## What this task involves
Transcribe every line below exactly; no image goes into the output.

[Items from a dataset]

"""

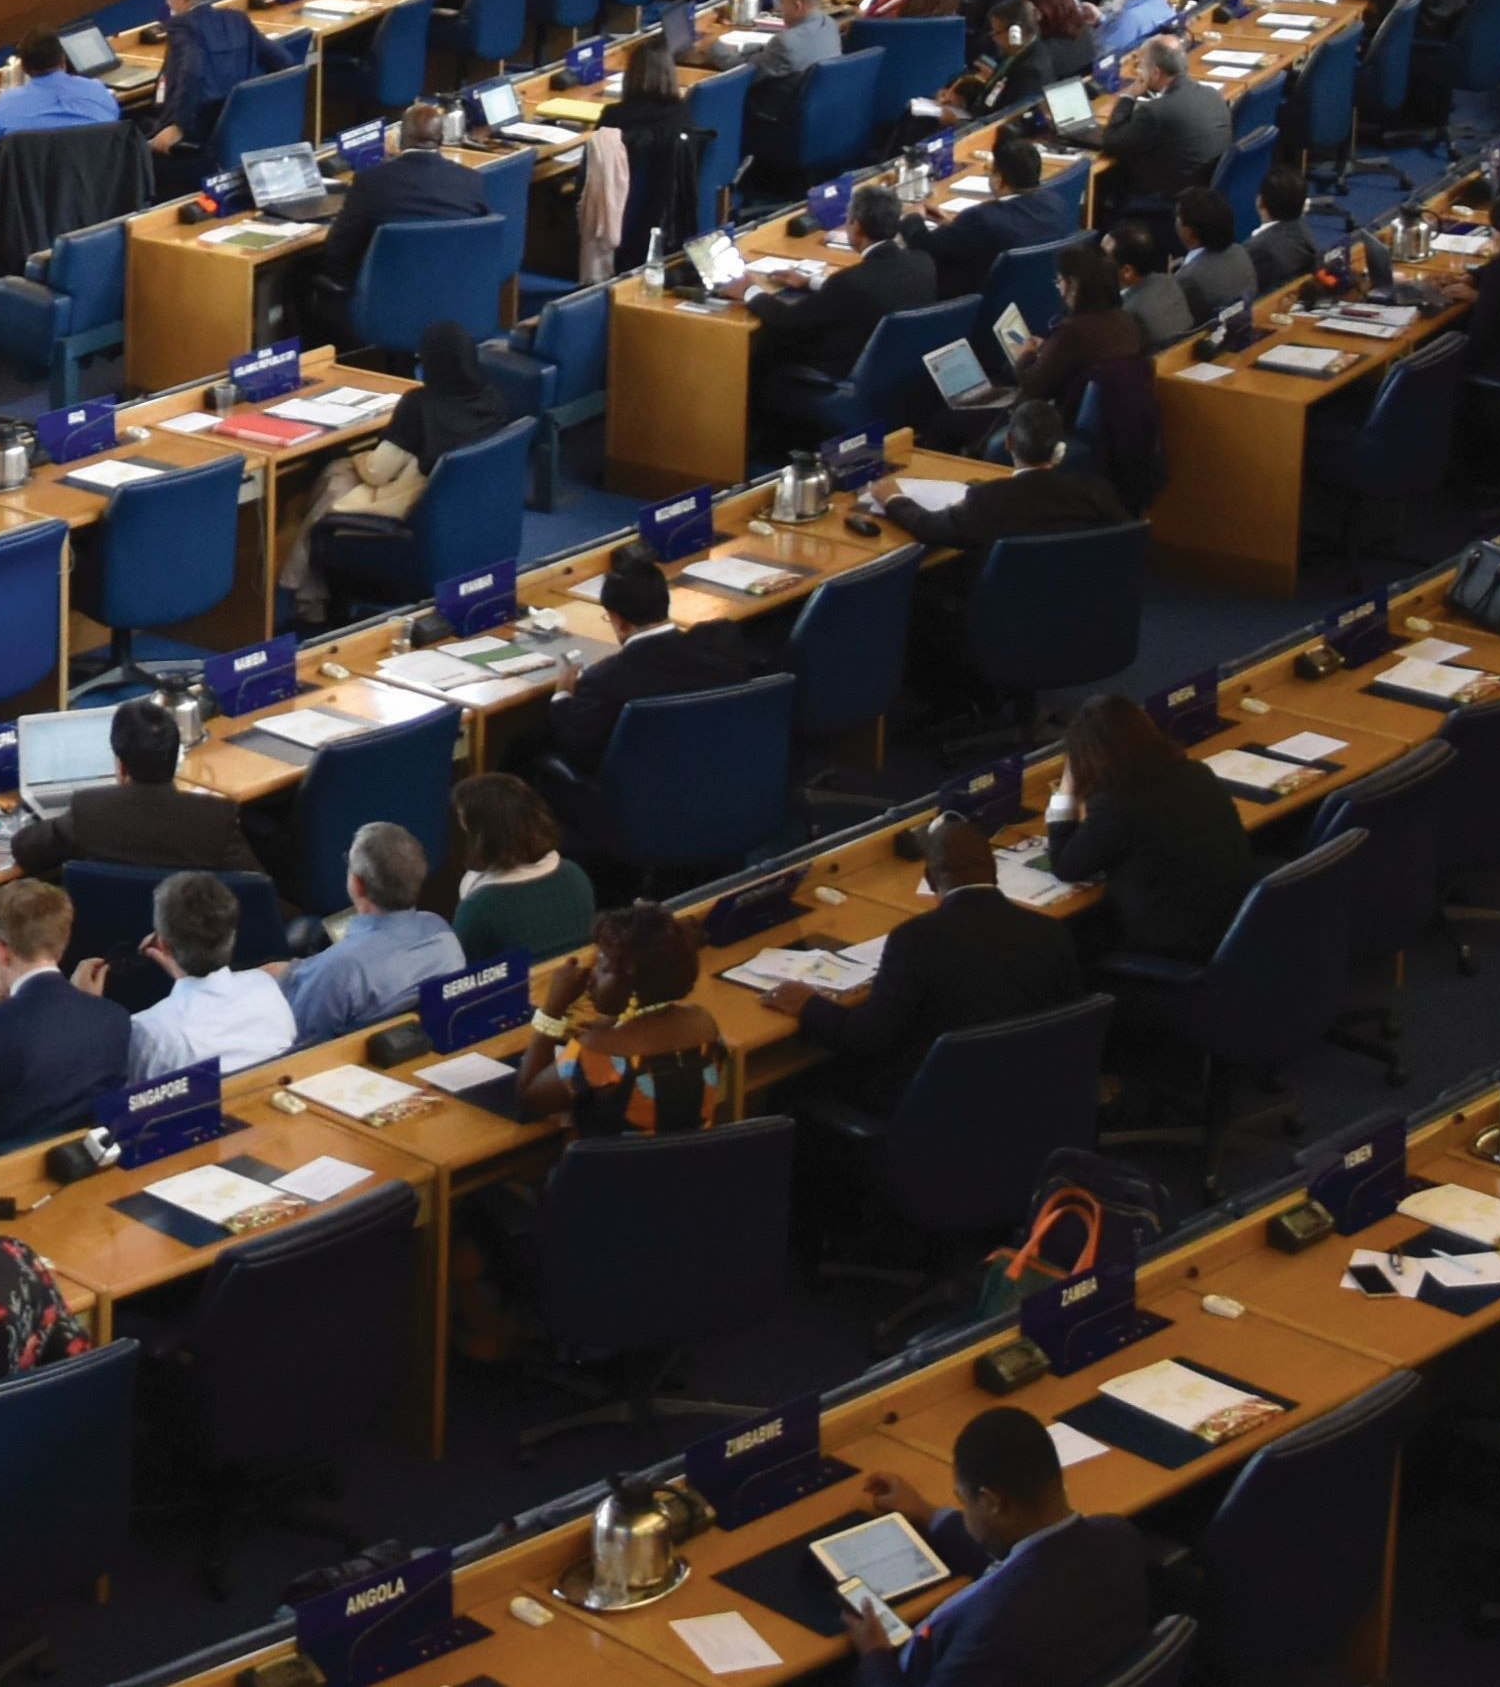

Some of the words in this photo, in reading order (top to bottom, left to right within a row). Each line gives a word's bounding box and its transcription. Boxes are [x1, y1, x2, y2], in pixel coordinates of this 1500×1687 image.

[443, 973, 476, 1000] SIERRA
[477, 961, 508, 987] LEONE
[128, 1076, 189, 1112] SINGAPORE
[1061, 1276, 1098, 1306] ZAMBIA
[725, 1417, 784, 1459] ZIMBABWE
[345, 1576, 406, 1617] ANGOLA
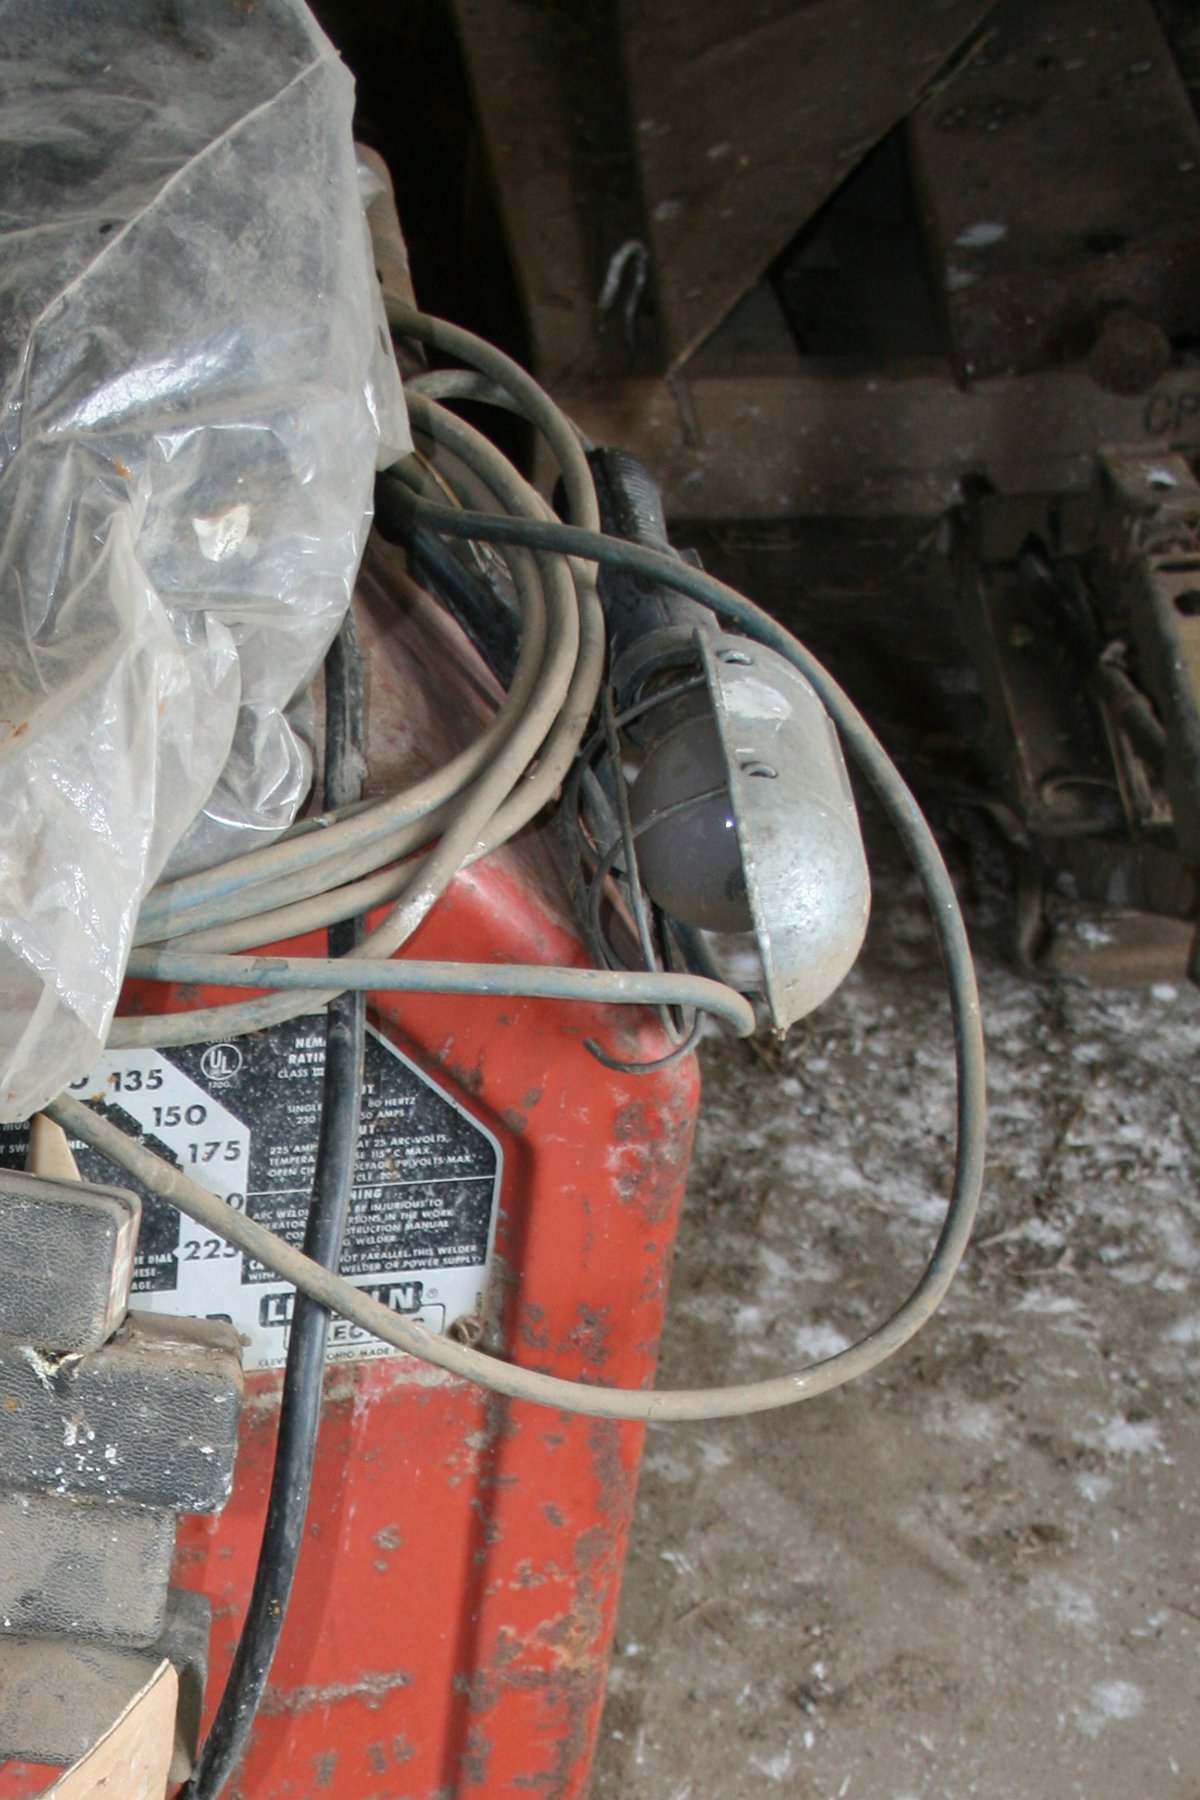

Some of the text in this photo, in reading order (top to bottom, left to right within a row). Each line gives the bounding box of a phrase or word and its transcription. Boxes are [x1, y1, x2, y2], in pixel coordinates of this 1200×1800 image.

[288, 1052, 326, 1065] RATIN
[277, 1068, 309, 1079] CLASS
[111, 1068, 164, 1093] 135
[384, 1097, 416, 1107] HERTZ
[152, 1103, 208, 1128] 150
[295, 1115, 316, 1125] 230
[376, 1109, 405, 1119] AMPS
[390, 1137, 411, 1146] ARC
[187, 1140, 241, 1164] 175
[269, 1155, 316, 1167] TEMPERA
[350, 1188, 382, 1200] NING
[276, 1208, 309, 1219] WELDI
[370, 1200, 425, 1212] INJURIOUS
[429, 1199, 444, 1208] TO
[401, 1211, 418, 1220] THE
[422, 1209, 454, 1219] WORK
[346, 1221, 450, 1235] STRUCTION MANUAL
[413, 1248, 434, 1257] THIS
[438, 1244, 477, 1255] WELDER
[148, 1252, 173, 1265] DIAL
[341, 1261, 382, 1274] WELDER
[385, 1260, 400, 1270] OR
[402, 1258, 439, 1269] POWER
[359, 1347, 389, 1357] MADE
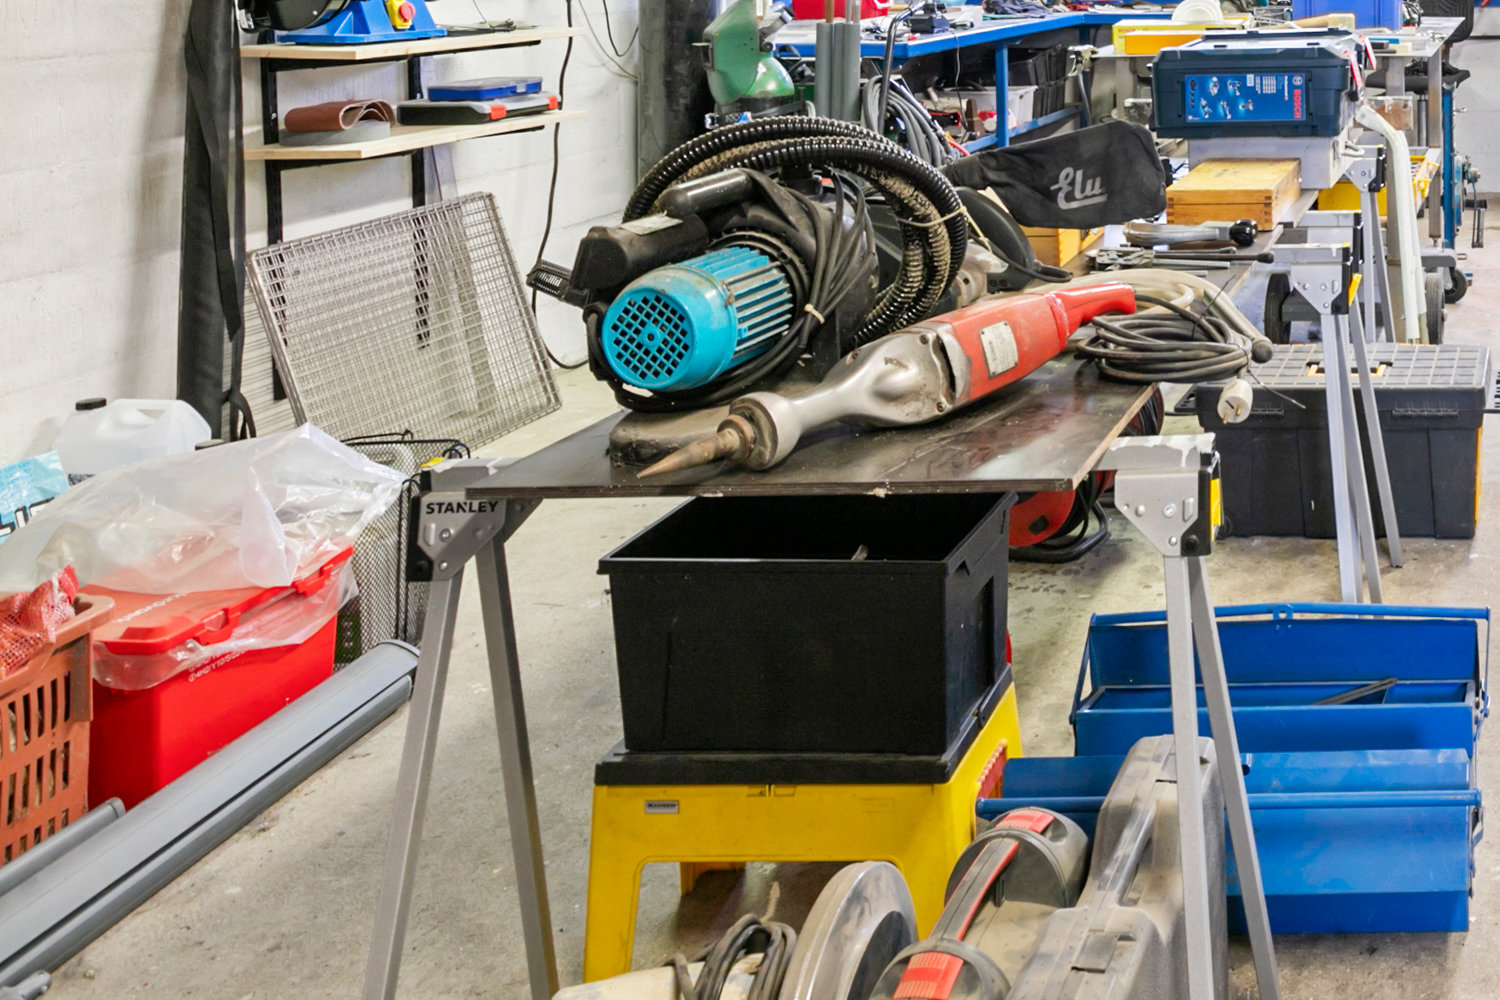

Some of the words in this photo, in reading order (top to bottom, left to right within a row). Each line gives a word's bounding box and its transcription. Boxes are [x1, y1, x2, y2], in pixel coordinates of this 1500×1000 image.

[1293, 89, 1302, 119] BOSCH
[1050, 166, 1108, 211] Elu
[426, 501, 499, 515] STANLEY
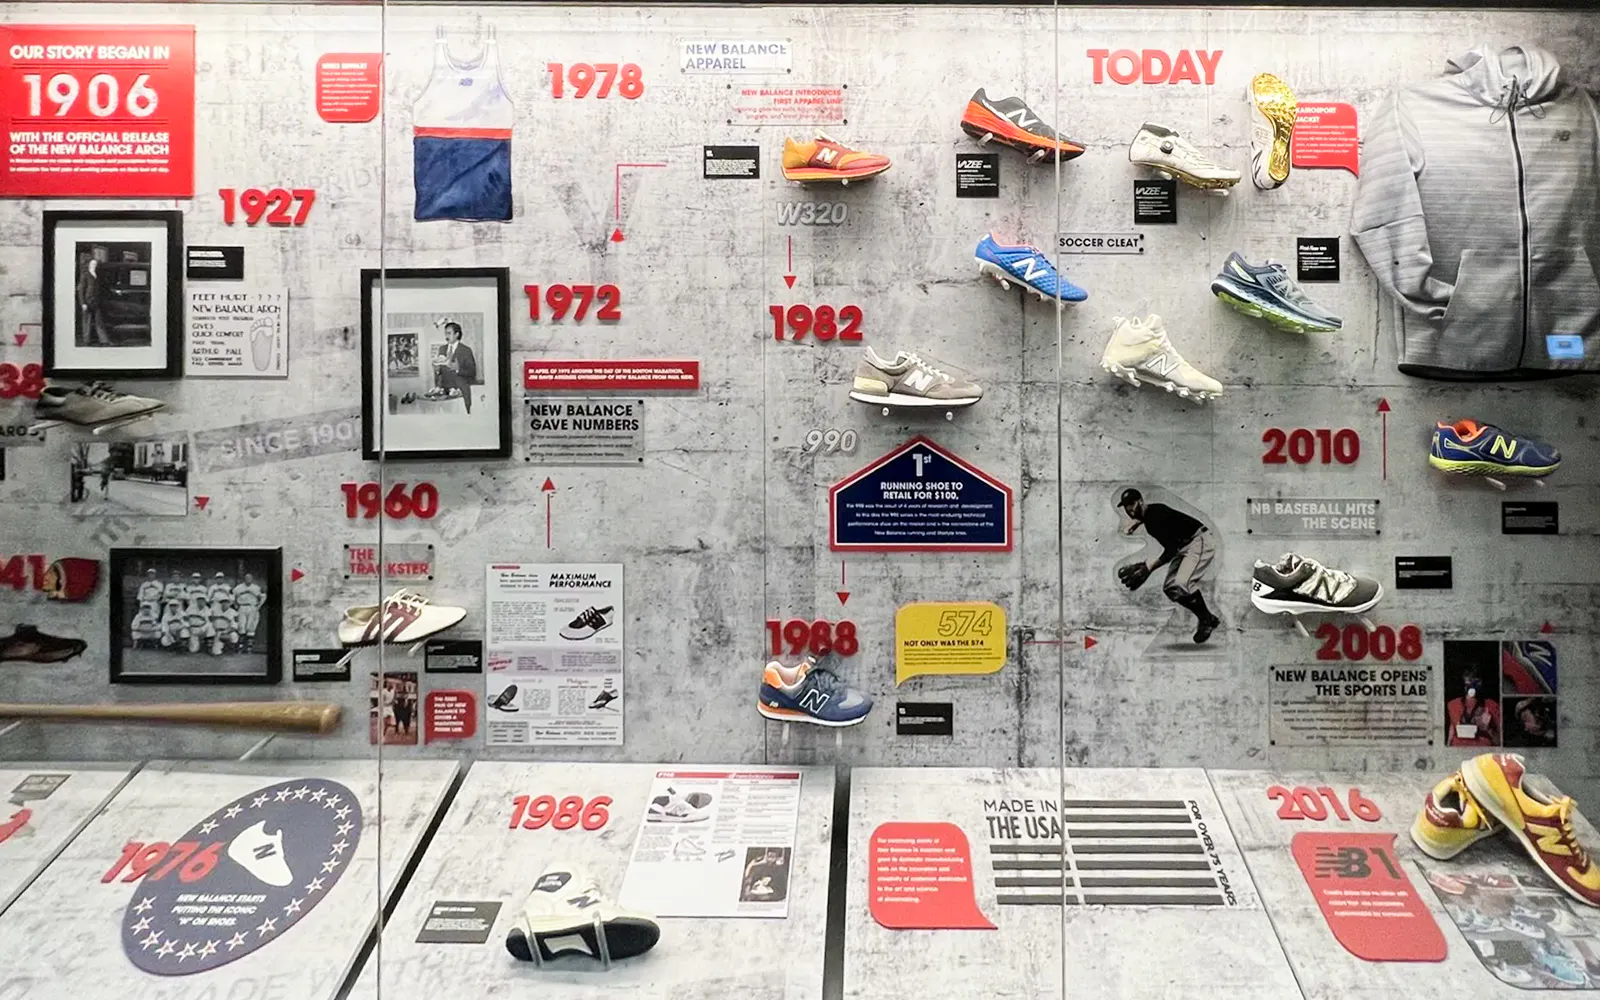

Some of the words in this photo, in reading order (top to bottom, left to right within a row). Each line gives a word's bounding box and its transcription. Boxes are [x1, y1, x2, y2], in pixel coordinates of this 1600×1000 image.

"""

## Answer below
Some of the words in this photo, in reading order (top to bottom, left to right within a row). Each line gives a word's bounding box and its transcription. Boxes are [x1, y1, x2, y2], in pixel coordinates of this 1500×1687 image.

[443, 973, 476, 1000] SIERRA
[477, 961, 508, 987] LEONE
[128, 1076, 189, 1112] SINGAPORE
[1061, 1276, 1098, 1306] ZAMBIA
[725, 1417, 784, 1459] ZIMBABWE
[345, 1576, 406, 1617] ANGOLA

Some of the text in this photo, in reading order (top to bottom, left to right within a row). Each line gives the bounding box of a phrase or word and its transcription. Boxes are [x1, y1, x2, y2], in pixel coordinates of this 1200×1800 image.

[288, 1052, 326, 1065] RATIN
[277, 1068, 309, 1079] CLASS
[111, 1068, 164, 1093] 135
[384, 1097, 416, 1107] HERTZ
[152, 1103, 208, 1128] 150
[295, 1115, 316, 1125] 230
[376, 1109, 405, 1119] AMPS
[390, 1137, 411, 1146] ARC
[187, 1140, 241, 1164] 175
[269, 1155, 316, 1167] TEMPERA
[350, 1188, 382, 1200] NING
[276, 1208, 309, 1219] WELDI
[370, 1200, 425, 1212] INJURIOUS
[429, 1199, 444, 1208] TO
[401, 1211, 418, 1220] THE
[422, 1209, 454, 1219] WORK
[346, 1221, 450, 1235] STRUCTION MANUAL
[413, 1248, 434, 1257] THIS
[438, 1244, 477, 1255] WELDER
[148, 1252, 173, 1265] DIAL
[341, 1261, 382, 1274] WELDER
[385, 1260, 400, 1270] OR
[402, 1258, 439, 1269] POWER
[359, 1347, 389, 1357] MADE

Some of the words in this photo, in reading order (top to bottom, left to right within a row). Each line gives a word's bounding box and its transcription. Boxes are [x1, y1, x2, y2], in pixel coordinates of this 1500×1000 image.

[1293, 89, 1302, 119] BOSCH
[1050, 166, 1108, 211] Elu
[426, 501, 499, 515] STANLEY

Some of the words in this photo, in reading order (top to bottom, left to right within a row). Each line gives a word's bounding box and its transcription. Boxes are [x1, y1, x2, y2], in pixel coordinates of this 1600×1000 image.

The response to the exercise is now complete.